● TASK GOAL
The data below should be transcribed in full, with no picture included.

(Dataset entries)
◆ ◆ ◆ ◆ ◆ ◆ ◆

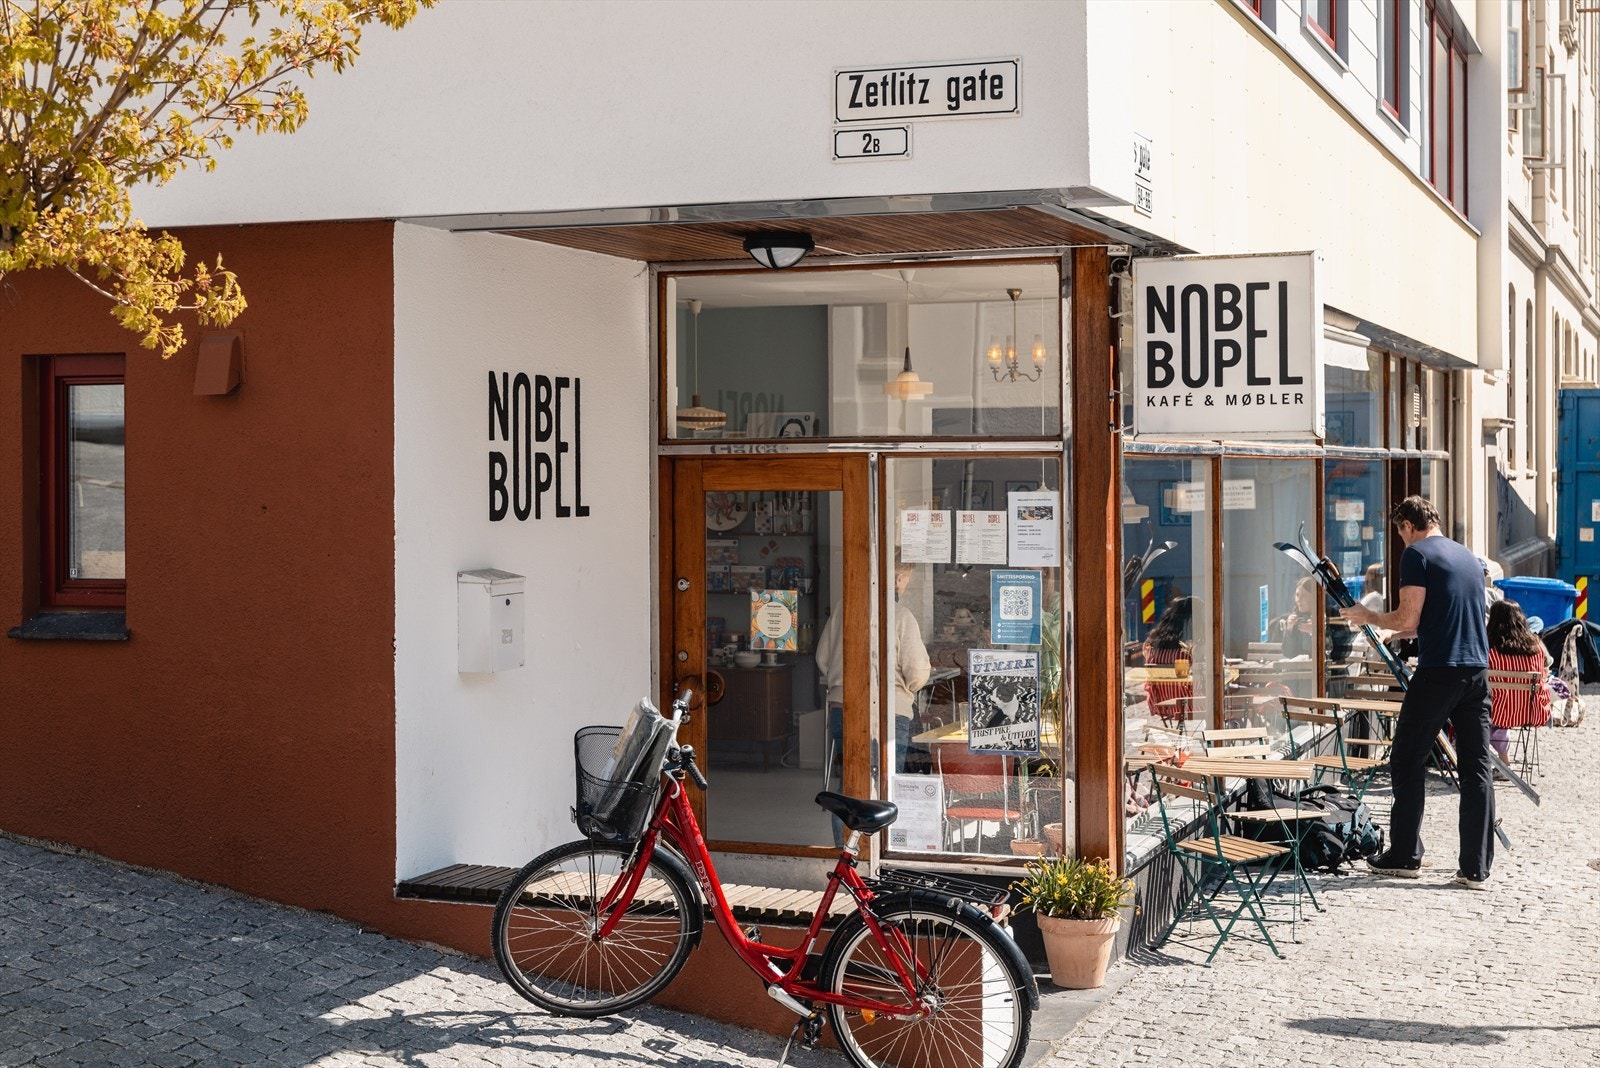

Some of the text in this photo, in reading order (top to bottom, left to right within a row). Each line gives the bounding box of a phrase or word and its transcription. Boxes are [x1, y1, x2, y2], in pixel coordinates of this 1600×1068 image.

[848, 68, 1004, 111] Zetlitz gate
[862, 133, 881, 153] 2B
[1146, 281, 1289, 337] NOBEL
[1146, 338, 1304, 389] BOPEL
[488, 371, 581, 449] NOBEL
[1146, 392, 1304, 407] KAFÉ & MØBLER
[488, 450, 590, 522] BOPEL
[972, 726, 1011, 738] TRIST PIKE
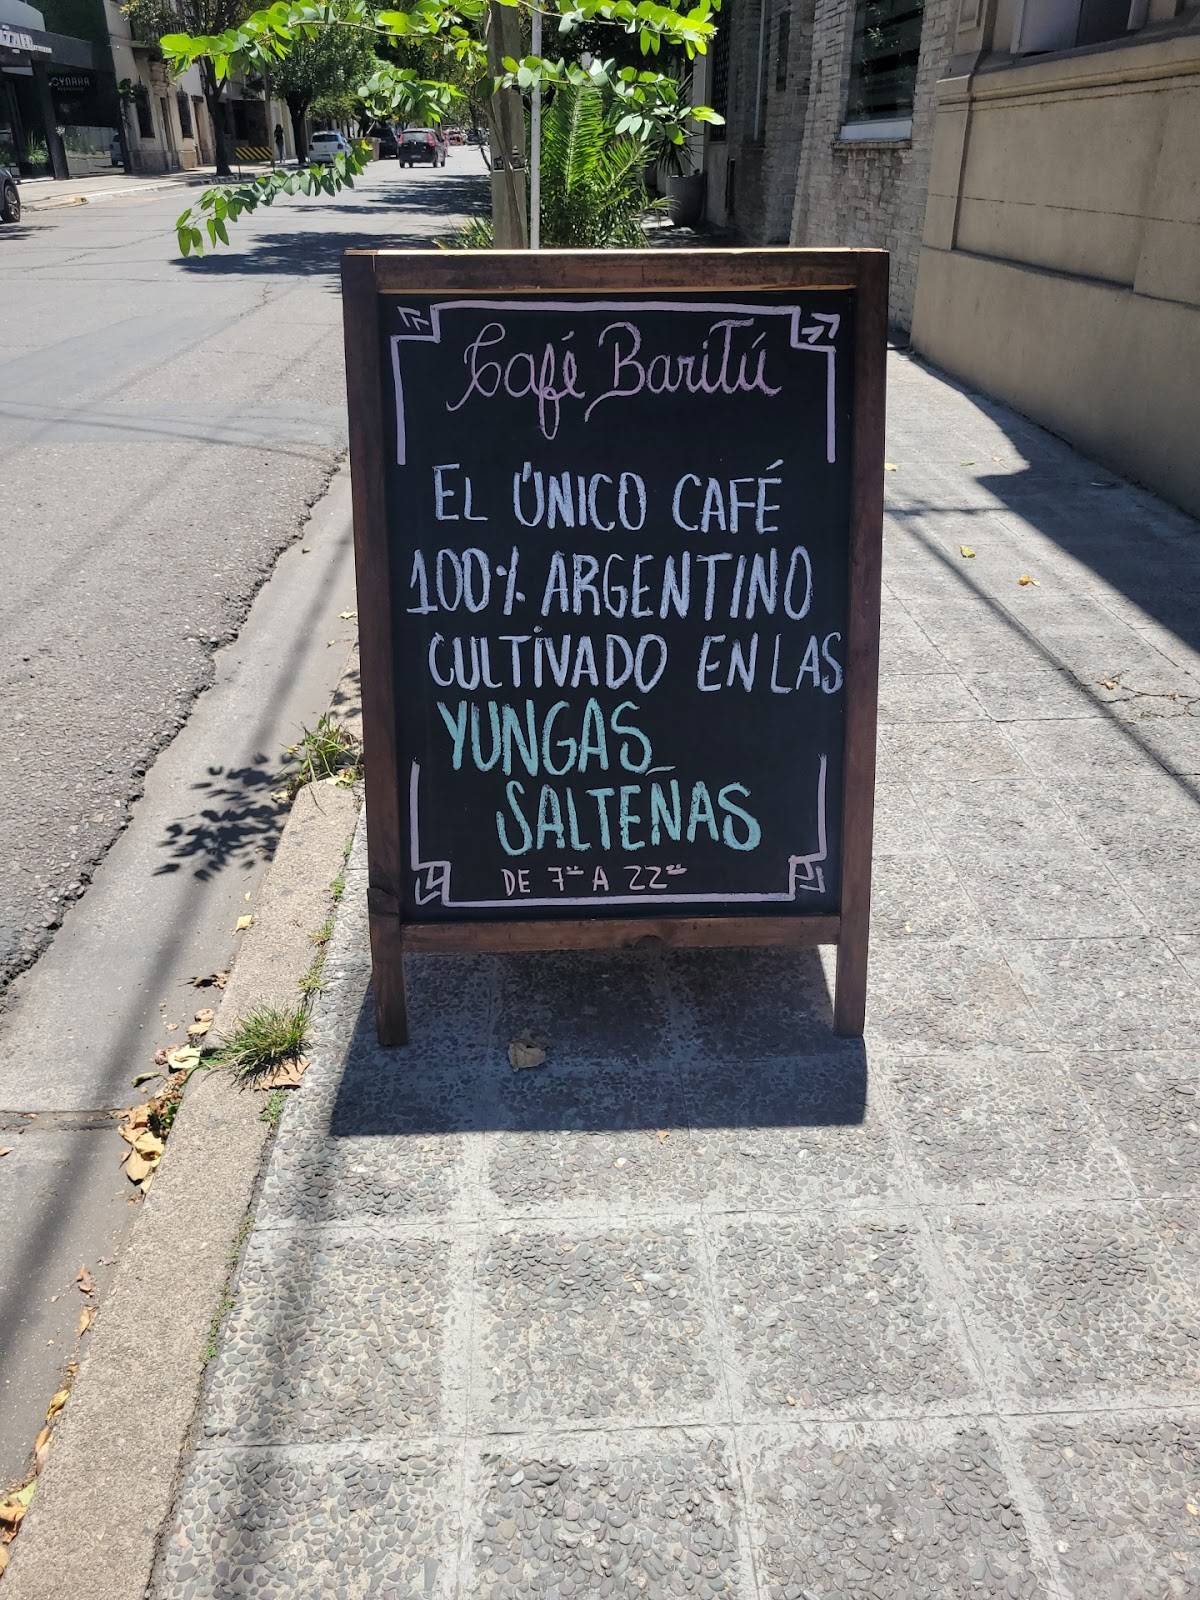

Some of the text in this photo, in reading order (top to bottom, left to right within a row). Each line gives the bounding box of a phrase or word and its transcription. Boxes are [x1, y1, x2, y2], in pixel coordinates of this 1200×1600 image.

[446, 322, 586, 440] Café
[432, 459, 784, 534] EL ÚNICO CAFÉ
[406, 545, 813, 621] 100% ARGENTINO
[428, 625, 668, 694] CULTIVADO
[436, 698, 652, 776] YUNGAS
[495, 765, 762, 856] SALTEÑAS
[500, 868, 531, 896] DE
[592, 865, 610, 891] A
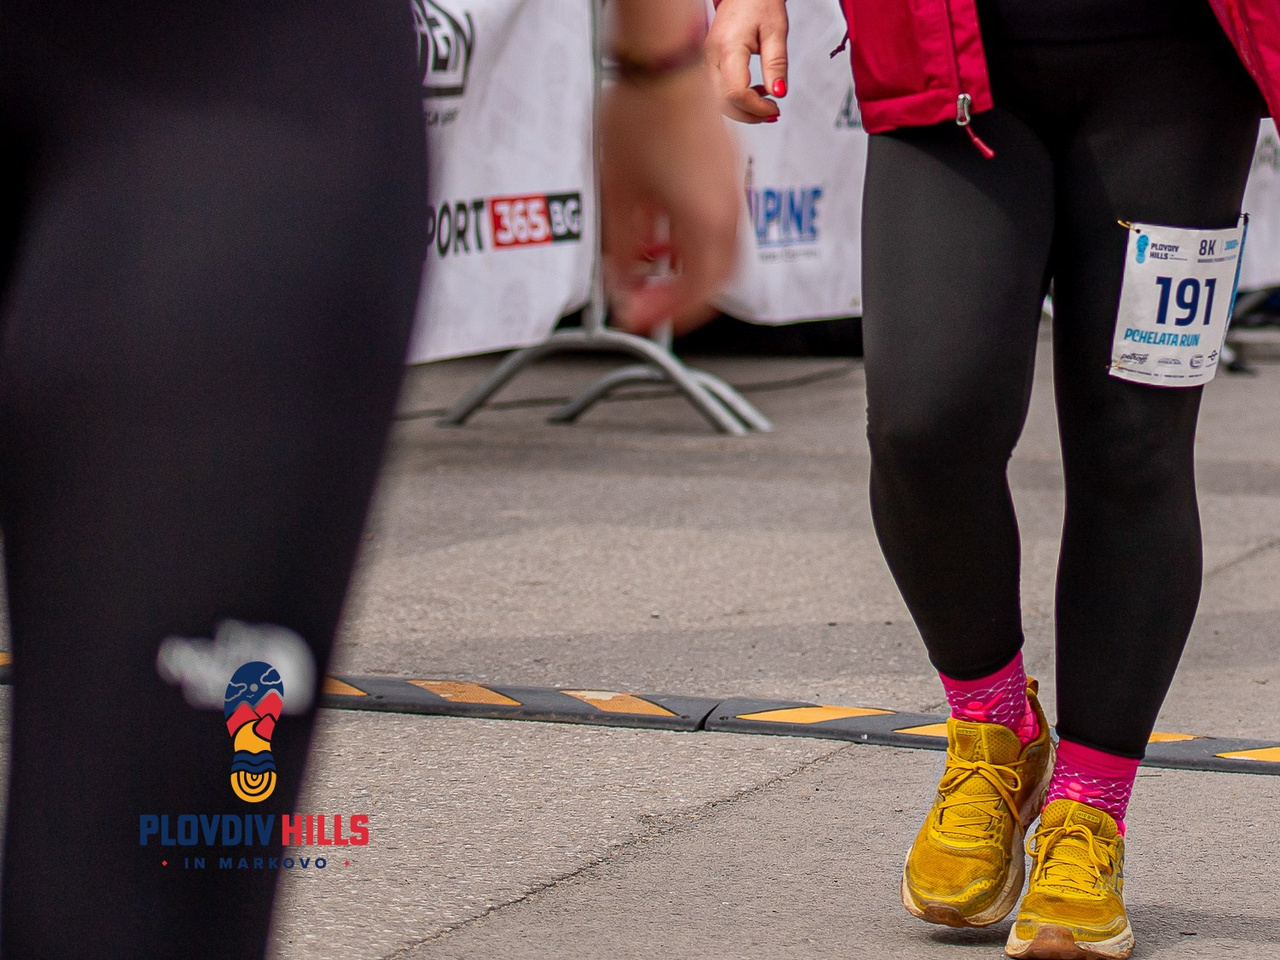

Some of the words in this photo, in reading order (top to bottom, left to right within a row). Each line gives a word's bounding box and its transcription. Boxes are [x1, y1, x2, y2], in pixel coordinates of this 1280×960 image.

[1149, 251, 1169, 260] HILLS
[1198, 239, 1217, 256] 8K
[1155, 275, 1218, 327] 191
[1123, 327, 1179, 347] PCHELATA
[1179, 333, 1201, 347] RUN
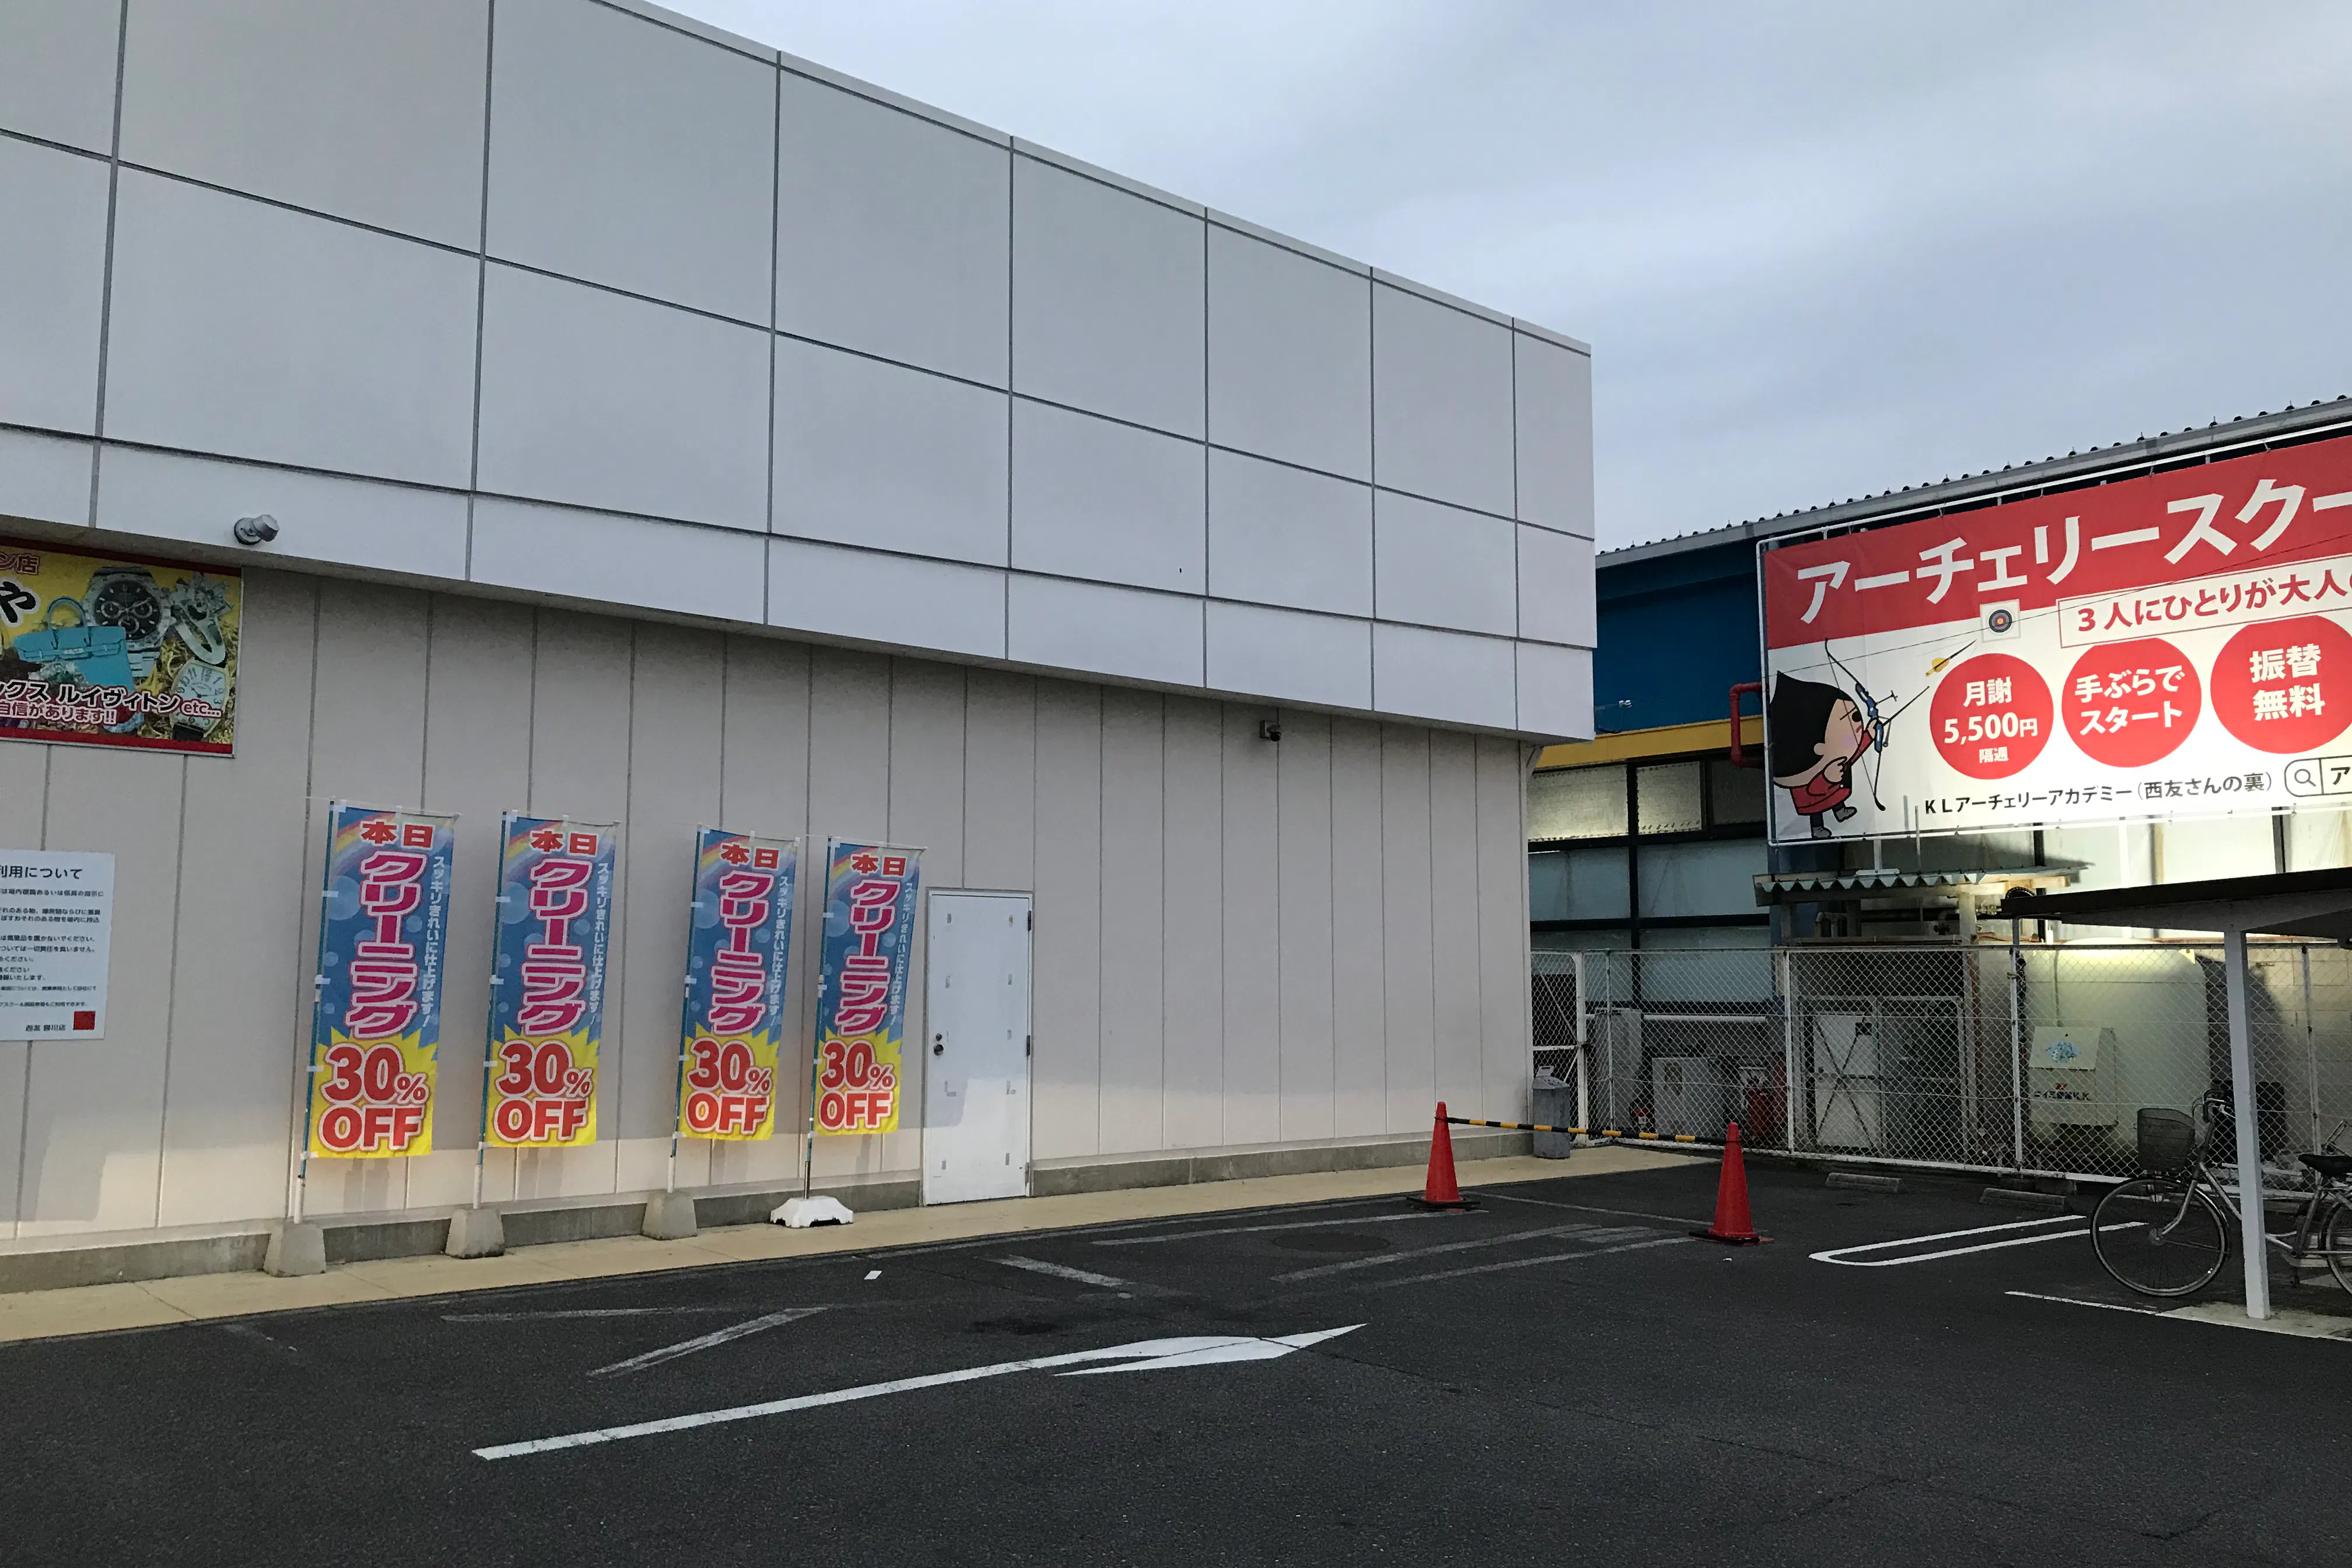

◆ ◆ ◆ ◆ ◆ ◆ ◆

● RESULT FOR THIS TASK
Some of the text in this photo, in reading order (top to bottom, left to right within a row). Each line gives the bounding box of a phrase or word and its transcription. Boxes are [x1, y1, x2, y2], in pixel coordinates of this 1600×1068 image.

[848, 68, 1004, 111] Zetlitz gate
[862, 133, 881, 153] 2B
[1146, 281, 1289, 337] NOBEL
[1146, 338, 1304, 389] BOPEL
[488, 371, 581, 449] NOBEL
[1146, 392, 1304, 407] KAFÉ & MØBLER
[488, 450, 590, 522] BOPEL
[972, 726, 1011, 738] TRIST PIKE

Some of the text in this photo, in reading order (top to bottom, left to right within a row). Each line gives the bounding box of a phrase or word and its transcription. Boxes are [x1, y1, x2, y2], in pixel coordinates of this 1200×1600 image.

[446, 322, 586, 440] Café
[432, 459, 784, 534] EL ÚNICO CAFÉ
[406, 545, 813, 621] 100% ARGENTINO
[428, 625, 668, 694] CULTIVADO
[436, 698, 652, 776] YUNGAS
[495, 765, 762, 856] SALTEÑAS
[500, 868, 531, 896] DE
[592, 865, 610, 891] A

Some of the words in this photo, in reading order (top to bottom, left to right within a row). Each line gives a word's bounding box and its transcription. Boxes are [x1, y1, x2, y2], in pixel coordinates of this 1280×960 image.

[1149, 251, 1169, 260] HILLS
[1198, 239, 1217, 256] 8K
[1155, 275, 1218, 327] 191
[1123, 327, 1179, 347] PCHELATA
[1179, 333, 1201, 347] RUN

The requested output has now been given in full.